Friday, July 29, 2011

Listen. Read. Learn.
day 70

If you want to know what a bad economy looks like and why education is vital, take note: 


LISTEN  to the compellng NPR series on
high school dropouts. This interview with
 44 year old Kenny Buchanan. Click Here.
This summer, our 18 year old son Phillip, a rising sophomore at the University of Pittsburgh, has worked piecemeal at four separate jobs for four separate companies. Originally, he was scheduled to return to a position as a paid summer intern at Children's National Medical Center. Yet, after a wave of federal cuts, the hospital was forced to suspend the program.  For several weeks thereafter, Phillip scrambled for paid work and a semblance of a medical experience that would now assuredly be unpaid.


In the end, the National Institutes of Health offered him an exciting weekly opportunity to sit in on Dr. House style reviews of difficult medical cases. In addition, after visiting 12  businesses he was offered his former camp counselor position --though only part time in May and then not again until August. Hunting down an income filler, he found work scooping ice cream at Giffords, one of our oldest area parlors.


What began as a patchwork scenario, however, has  ended that way --in an insane flurry of truncated hours. We learned that the ice cream parlor manager was working most shifts, leaving Phillip and the other youth with only one to two shifts per week or approximately 40 post tax dollars. Then suddenly, the parlor closed after a dispute with PEPCO over a $21,000 unpaid electric bill. In the midst of 100 degree days and the peak of ice cream sales, with two days' notice, that job had evaporated. 


Since then, Phillip has picked up several days as a jumper for National News, a job which entails "jumping" out of a truck and running into hotels, Capitol Hill offices and apartment complexes to deliver newspapers to places missed earlier that morning.


This information travels a long Sunday drive to make a short brusque point:


An uneducated person living in 21st century America stands little chance of surviving economically. The most valuable experience of Phillip's summer has been not the medical case studies but in working the other positions. In these, he has stood side by side by with adults who in many cases dropped out of high school. What he has witnessed is what limited education means in black and white. 


It means at any moment, you can lose your job which only pays seven or eight dollars and hour--not enough to purchase a home or rent an apartment. It means your "job" is often not full time because if the establishment is not making money, you are not on the schedule. It means no health insurance and no vacation. It means if you don't have your education, you are a journeyman in the murky swamp of low pay work.


Education is not just about income and being able to rest better at night. It's about options; it's about not getting locked in because you can't go anywhere else, or do anything else. It means you may have a chance to do the work you want to do, rather than the work you must do. And yes, it means this: One day you might lose your job. But when businesses rebound and seek to hire, you are likely to be in the front of the line because you are educated, rather than the back because you are not.
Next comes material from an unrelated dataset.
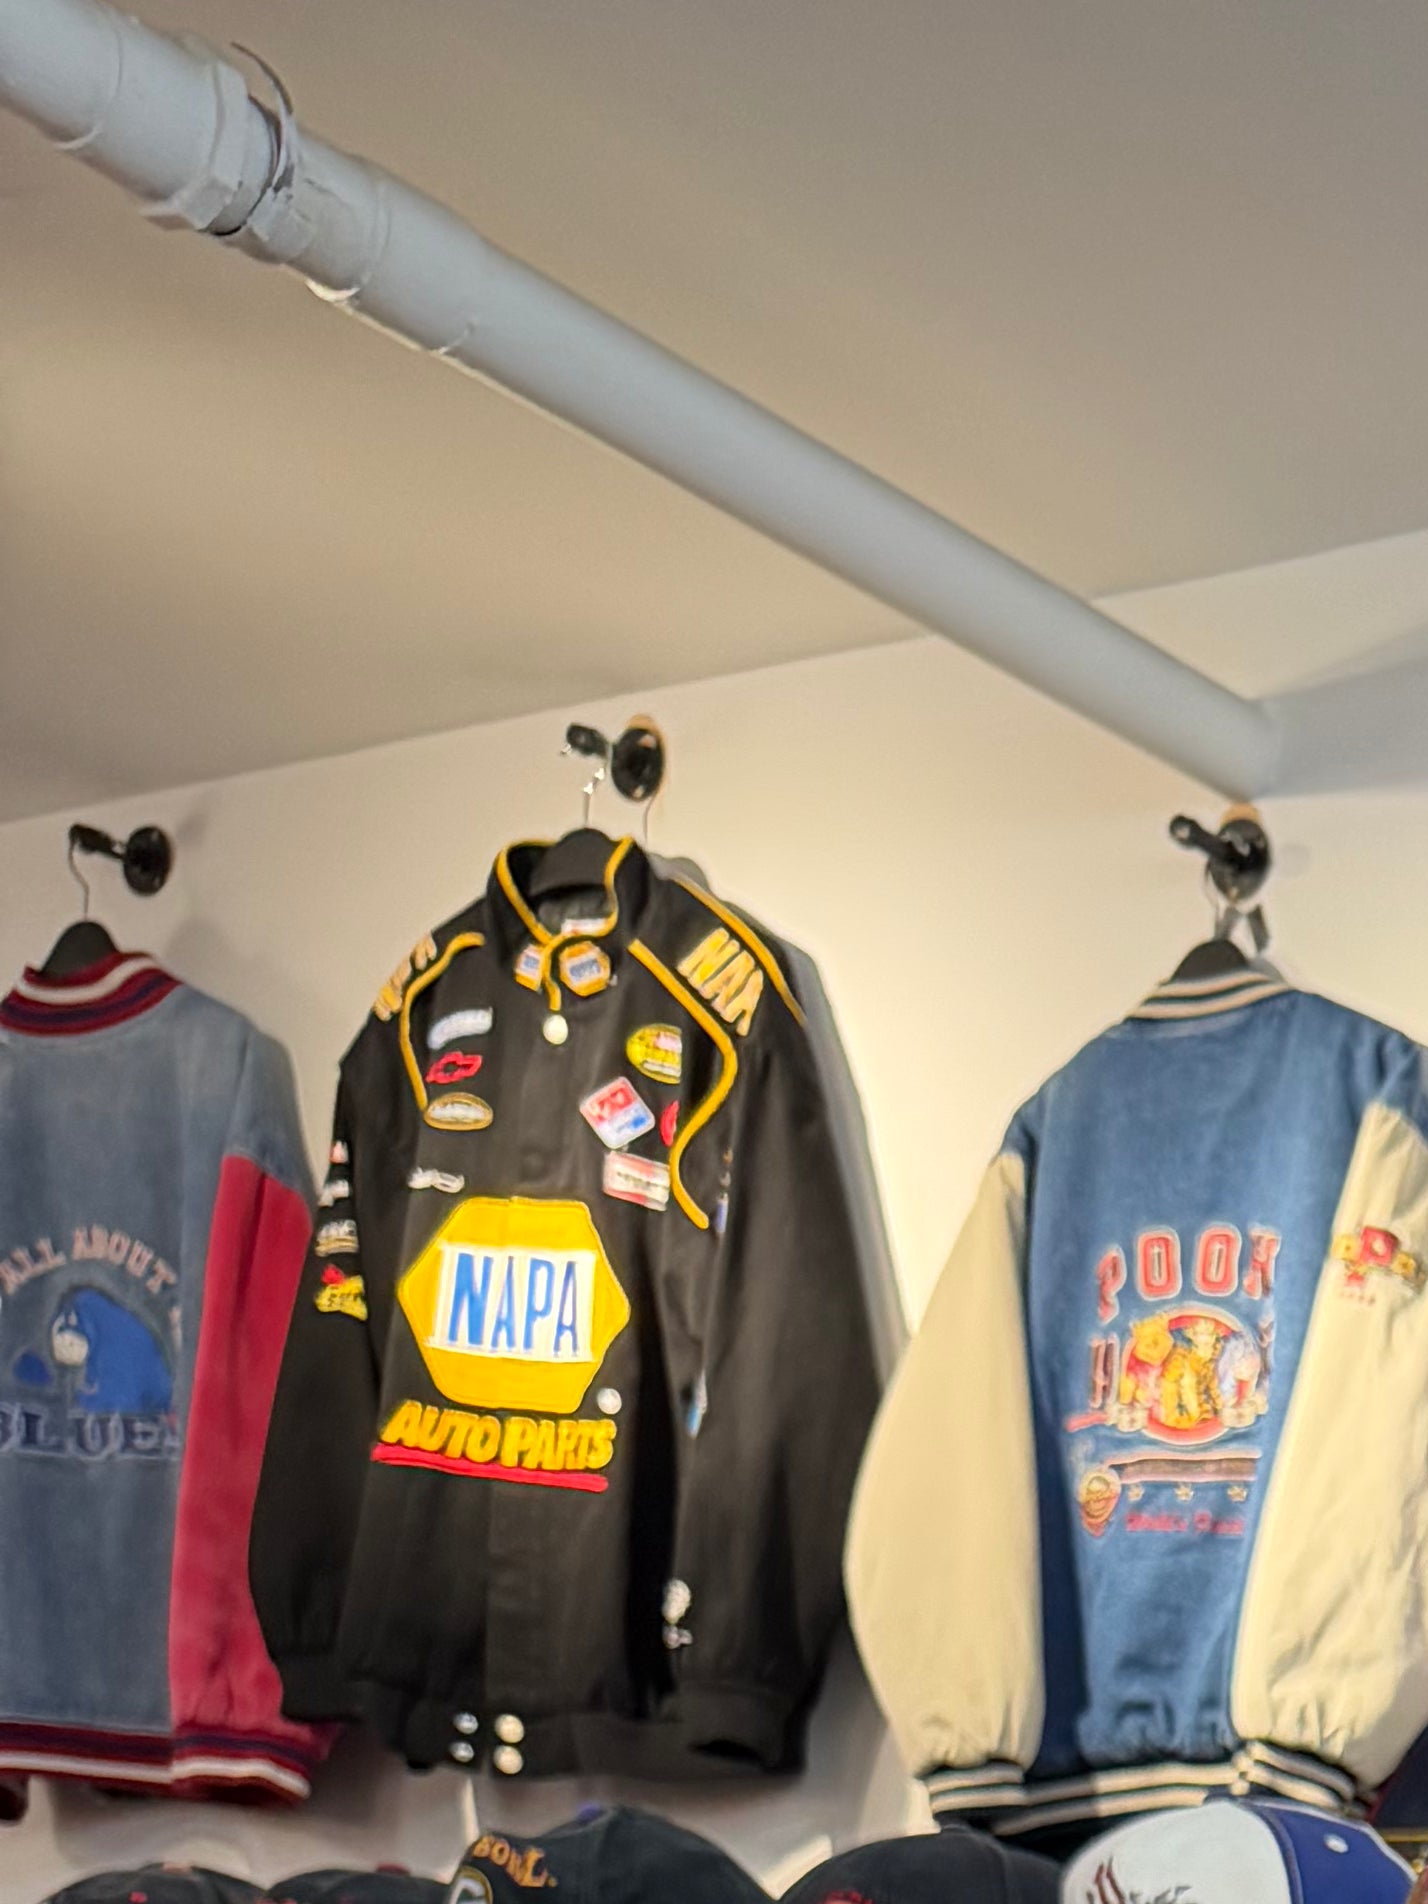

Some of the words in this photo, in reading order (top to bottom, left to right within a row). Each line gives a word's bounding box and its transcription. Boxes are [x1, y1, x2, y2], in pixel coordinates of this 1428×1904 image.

[447, 1252, 580, 1358] NAPA
[380, 1401, 501, 1464] AUTO
[501, 1416, 617, 1470] PARTS
Working in the 100 degree heat this summer, Phillip got to know a young man in his mid-20s. Chatty, affable and energetic, the man shared that many years ago he had dropped out of high school to work. Though doing so full time for years now, he is still living in his mother's basement. His wages are the same as they always have been: barrel-low, barely sustaining.


Stay in school.


Goodnight,
Wanda

4 comments:

Anonymous said...

So true...sadly, this country is making it harder and harder for "everyone" to be able to AFFORD to go to school. NO school should cost $50k/year! Colleges are big businesses and the loan process is a game! FeeFee Winterz :-)

Mary Marcotte said...

I'm an educator and tell these stories all the time in an effort to help my students see how important even a high school diploma is. I can't imagine going back to the days when my husband and I both were making minimum wage. We sacrificed so that I could attend college classes but it's been so worth what we gave up.

AsteropeBC said...

This has been a trend in the US - in my parents' generation, it was debatable whether a degree would pay for itself. These days, many companies will not substitute job-related experience. They won't even consider you unless you have a degree, even if it is not related to the job! Low wages, lack of benefits and access to health care really leaves people without a degree up the creek, so to speak.

Wanda Fleming of River Girls Soap said...

It is virtually impossible to enter most professional fields or corporate America today without a college degree. If you want to be in the service or restaurant industry sure but even then count on starting at the very bottom and pray that the wheels do not fall off that buggy. Never mind not having a high school diploma. That is clear economic suicide in the modern era.

I was fortunate to grow up in a household where both parents had some college, and one had a degree (my mother) when only 20-25% of Americans completed college---few women, fewer minorities. There was never a time when I did not recall my parents' expectation that come hell or high water the six of us would get our educations.

It is very difficult for children to aspire if parents do not, and with free public education and small affordable community colleges, it is quite possible to go beyond the 9th or 10th grade!! Parents can have nothing and still --through their own experience communicate the need and value of going further. There is poverty of the pocket and poverty of the mind. The combination is deadly.